DANIEL GUERRINI (professor) – Londrina

Aumento no movimento na rodoviaria
Excelente a matéria "Venda on-line de passagens de ônibus cresce 150%" (Economia&Negócios, 31/5). Como muitos empresários, estudantes e outros usuários de voos regulares para Curitiba e que, devido aos cancelamentos das companhias aéreas, passaram a frequentar nossa bonita rodoviária, notei o quanto ela está precisando da atenção das autoridades competentes sobre a segurança no local e adequação nas infraestruturas. Percebesse muitos desocupados, vendedores ambulantes, pedintes, pessoas dormindo inadequadamente nos corredores. Quanto à estrutura, percebesse a falta de câmaras de segurança em alguns pontos, infiltração de água das chuvas, lojas fechadas que poderiam ajudar no orçamento do local, além da prestação de serviço aos usuários.

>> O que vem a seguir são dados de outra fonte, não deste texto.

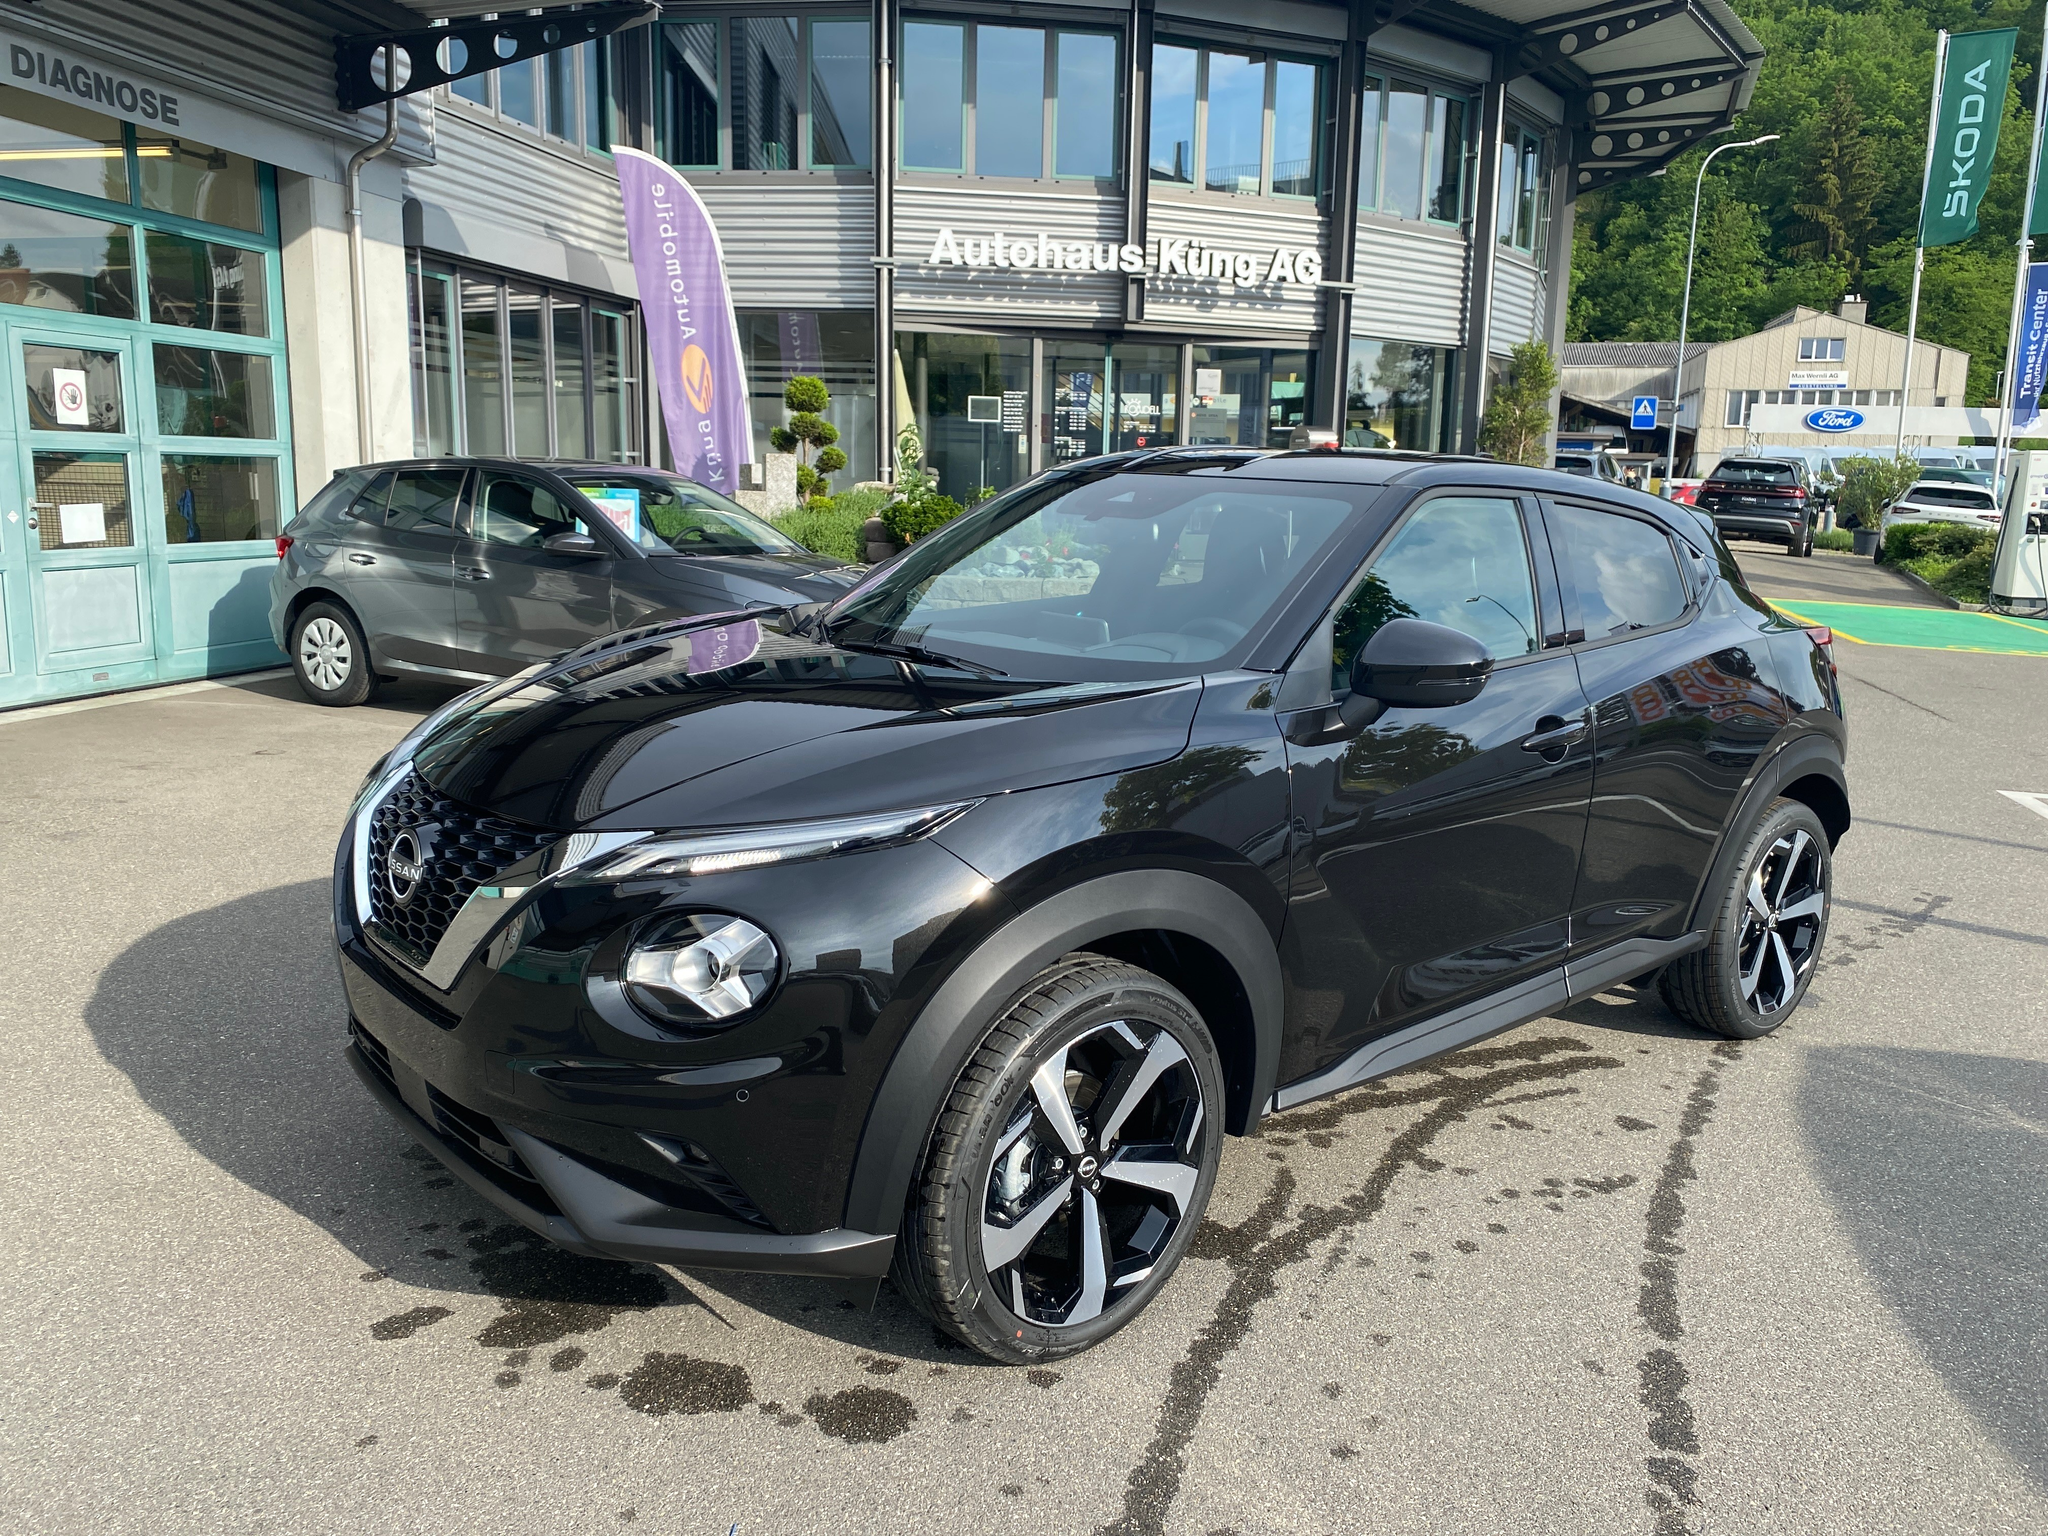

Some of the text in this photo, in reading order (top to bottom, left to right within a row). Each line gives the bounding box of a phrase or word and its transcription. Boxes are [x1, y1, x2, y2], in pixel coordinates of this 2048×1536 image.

CARLOS PICCHI JR. (empresário) – Londrina

Zona Azul está uma ‘zona’
Desde a primeira implantação da Zona Azul em Cornélio Procópio, jamais se percebeu eficiência administrativa, até mesmo em razão das constantes idas e vindas. Há alguns meses, por exemplo, mais uma vez o sistema está desativado. Isso tudo nos enseja a questionar a razão de tamanha inconstância. Quais as dificuldades para se manter o sistema? São indagações recorrentes no seio da comunidade. Comenta-se que está em curso um novo processo de licitação. Até aí tudo bem, mas, por que então tanta delonga para uma definição? Se a demora está acontecendo em razão de um elaborado estudo visando consolidação do serviço, aí tudo bem. Vamos ter paciência e aguardar mais um pouco. Por outro lado, apesar de o sistema estar literalmente desativado, entendo que as demarcações que ainda existem têm que ser obedecidas e respeitadas, até porque estão voltando os cones, cavaletes, cadeiras e outros objetos usados para se apropriar de uma vaga. Uma Zona Azul bem implantada e administrada deve voltar logo, porque a "zona", que não é a azul, está aqui fincada.